Men in the Birks family had always apprenticed as jewellers when they entered the business, but because of the war, Mr. Birks skipped that step. It didn't hurt him as his strong organizational skills helped the firm prosper.

When Mr. Birks's son, Jonathan, got married in Peru in 1970, however, the president of the jewellery firm did some shopping there and came home with some blue stones. He believed them to be aquamarine and bought them at a knock-down price. Back in Montreal, Drummond Birks sent his find to the jewellery department to have it assessed. He was surprised when he didn't hear back for quite a while. The truth was, and it was a story Mr. Birks often told, that he had bought blue glass.

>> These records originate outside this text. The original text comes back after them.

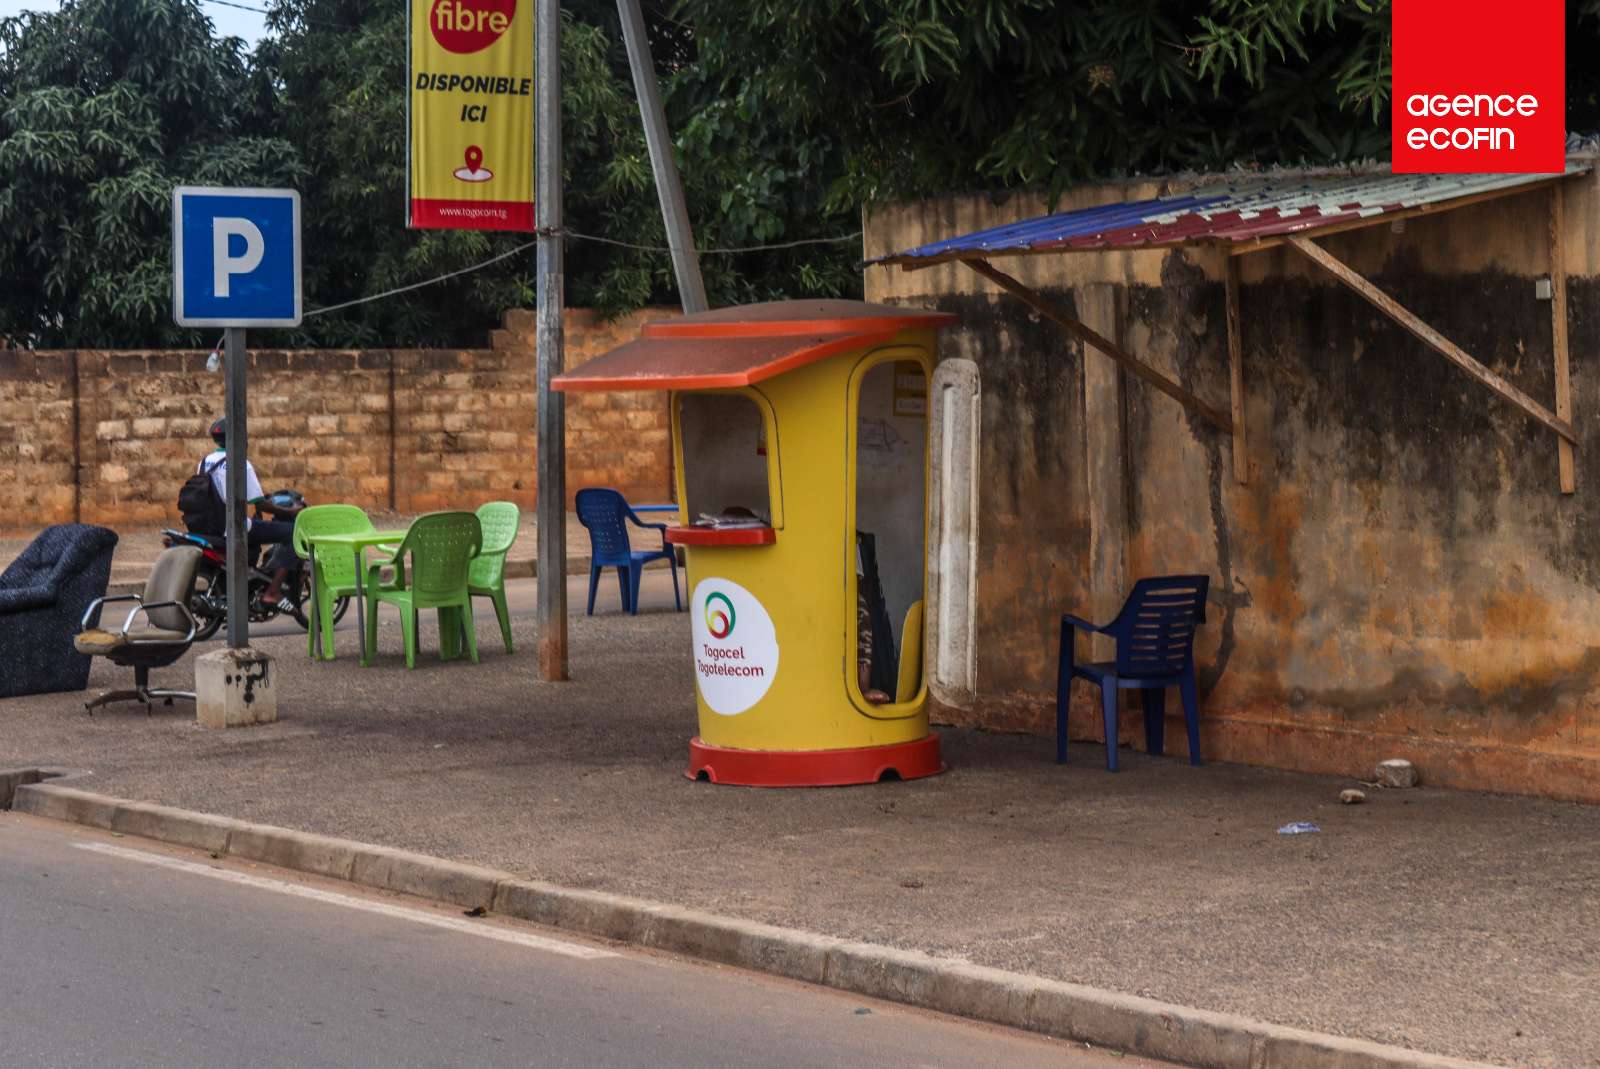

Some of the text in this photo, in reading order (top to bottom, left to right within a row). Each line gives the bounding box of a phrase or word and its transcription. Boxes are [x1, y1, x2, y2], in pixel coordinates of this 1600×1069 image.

[435, 0, 508, 33] fibre
[416, 72, 531, 96] DISPONIBLE
[461, 104, 487, 122] ICI
[439, 207, 508, 220] www.togocom.tg
[213, 216, 265, 298] P
[703, 643, 745, 661] Togocel
[697, 659, 764, 677] Togotelecom

Mr. Birks had few hobbies. One of his family members said that business was his only hobby. He played golf at the Mount Bruno Golf Club about 10 times a year and was involved with the Black Watch Regiment at its armoury on Bleury Street in Montreal.

"Drummy Birks was a generous man who was self-effacing and didn't seek the limelight," said Stephen Angus, a family friend and former honorary colonel of the Black Watch Regiment. "He was always loyal to the Black Watch. We have some valuable silver memorabilia, including a ram's head with silver on the end of the horns and other silver accoutrements. I took it in to Birks to have it repaired. It was quite a big job. It came back in mint condition and there was never any charge. He was generous in big and small ways."

At his funeral in Montreal, Jim Armour, the pastor of the Black Watch and minister emeritus of the Church of St. Andrew and St. Paul, gave an appreciation focusing on "his services to not one but all the universities of this city – the Birks building at McGill, Birks Hall at Concordia, the Birks Medal, Birks scholarships – to say nothing of all that he did for the Children's Hospital, the Salvation Army, the YMCA, the Montreal Association of the Blind. The list goes on. Drummond Birks was a generous and public-spirited human being."

Like his 17th-century ancestors, Drummond Birks was a member of Goldsmiths Hall and a Freeman of the City of London. In Canada, he was the director of a number of companies, including Standard Life and the Royal Trust.

Henry Birks and Sons went into bankruptcy protection in the early 1990s following an unsuccessful expansion strategy. At its height, the firm ran about 220 stores in Canada and the United States. In 1993, Birks was sold to the Italian-based Borgosesia, now known as Iniziativa Regaluxe SrL.

Mr. Birks leaves his sons Jonathan and Thomas; daughters, Lynn and Cynthia; wife, Anne Charlotte Lohéac; 18 grandchildren and 20 great-grandchildren. He was predeceased by his first wife, Muriel Anne Scobie, who died in 1979, and his son Barrie, who died in 2002.